▶ **Task directions**: In full and without alteration, return the records below.
-------- Information provided
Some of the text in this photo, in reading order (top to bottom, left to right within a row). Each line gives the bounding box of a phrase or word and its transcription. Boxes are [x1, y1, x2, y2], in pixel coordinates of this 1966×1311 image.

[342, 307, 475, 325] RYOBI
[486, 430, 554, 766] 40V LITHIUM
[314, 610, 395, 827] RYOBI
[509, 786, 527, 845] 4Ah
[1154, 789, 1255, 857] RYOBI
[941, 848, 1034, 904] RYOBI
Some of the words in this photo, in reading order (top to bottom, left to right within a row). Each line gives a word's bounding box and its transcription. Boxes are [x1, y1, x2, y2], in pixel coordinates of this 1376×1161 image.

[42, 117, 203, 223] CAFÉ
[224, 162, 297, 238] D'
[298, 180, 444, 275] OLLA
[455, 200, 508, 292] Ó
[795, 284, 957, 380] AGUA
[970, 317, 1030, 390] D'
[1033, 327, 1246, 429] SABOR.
----------------
▶ **Task output**:
Some of the text in this photo, in reading order (top to bottom, left to right within a row). Each line gives the bounding box of a phrase or word and its transcription. Boxes are [x1, y1, x2, y2], in pixel coordinates of this 1966×1311 image.

[342, 307, 475, 325] RYOBI
[486, 430, 554, 766] 40V LITHIUM
[314, 610, 395, 827] RYOBI
[509, 786, 527, 845] 4Ah
[1154, 789, 1255, 857] RYOBI
[941, 848, 1034, 904] RYOBI
Some of the words in this photo, in reading order (top to bottom, left to right within a row). Each line gives a word's bounding box and its transcription. Boxes are [x1, y1, x2, y2], in pixel coordinates of this 1376×1161 image.

[42, 117, 203, 223] CAFÉ
[224, 162, 297, 238] D'
[298, 180, 444, 275] OLLA
[455, 200, 508, 292] Ó
[795, 284, 957, 380] AGUA
[970, 317, 1030, 390] D'
[1033, 327, 1246, 429] SABOR.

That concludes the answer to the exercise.